The support came despite a large majority of 63% believing that the risk of a terror attack on German soil will rise as a result of Bundeswehr involvement in Syria.

The military mission could become Germany's biggest deployment abroad.

Meanwhile, France's President Francois Hollande will on Friday visit the French aircraft carrier Charles de Gaulle in the eastern Mediterranean off Syria where it is being used to conduct air strikes on Islamic State targets.

"He will meet military personnel taking part in operations to intensify the fight against Daesh in Syria and Iraq," a statement from the presidency said, using another name for the jihadist group.

Germany's Justice Minister Heiko Maas said the case for deployment was watertight legally.

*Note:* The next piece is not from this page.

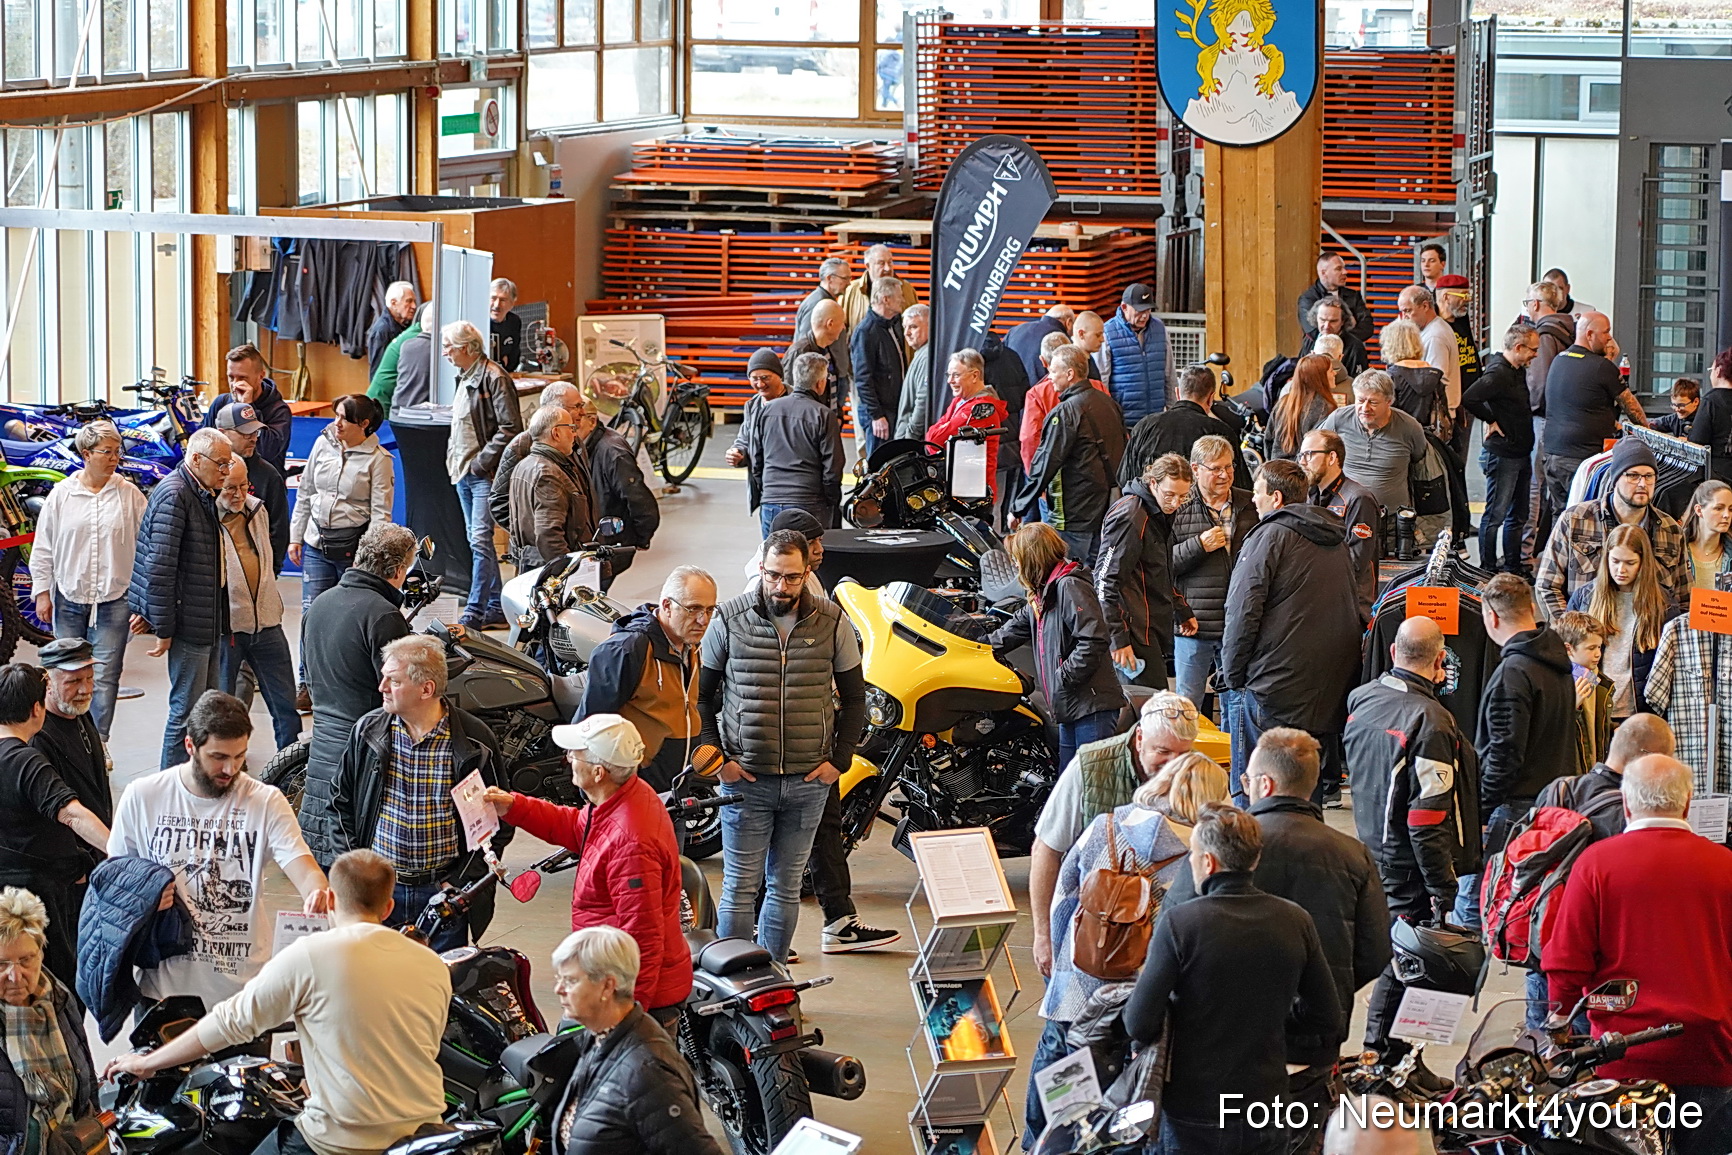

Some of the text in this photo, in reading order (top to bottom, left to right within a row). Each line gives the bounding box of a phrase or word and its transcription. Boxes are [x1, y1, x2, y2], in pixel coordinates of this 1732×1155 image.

"The Germans can be certain that the deployment to Syria neither violates international law nor the constitution," he told the Tagesspiegel on Friday.

"We must stop this terrorist gang of murderers. That will not be achieved with military action alone, but neither would it be achieved without," he said.

"War at speed of Tornado"

The package being considered by parliament includes six Tornado aircraft which have no offensive fighter capability and are specialized in air-to-ground reconnaissance. 

A German frigate is intended to protect the Charles de Gaulle, from which French fighter jets are carrying out bombing runs, and the tanker aircraft could refuel them mid-air to extend their range.

Separately, Germany has also pledged to send 650 soldiers to Mali to provide some relief to French forces battling jihadists in the west African nation.

But the opposition asked if Germany is being forced to make a weighty decision too hastily.

"We are being made to decide in three days if Germany would once again be dragged into a war. We do not want to be dragged into a war at the speed of a Tornado," the Left party's Petra Sitte told parliament.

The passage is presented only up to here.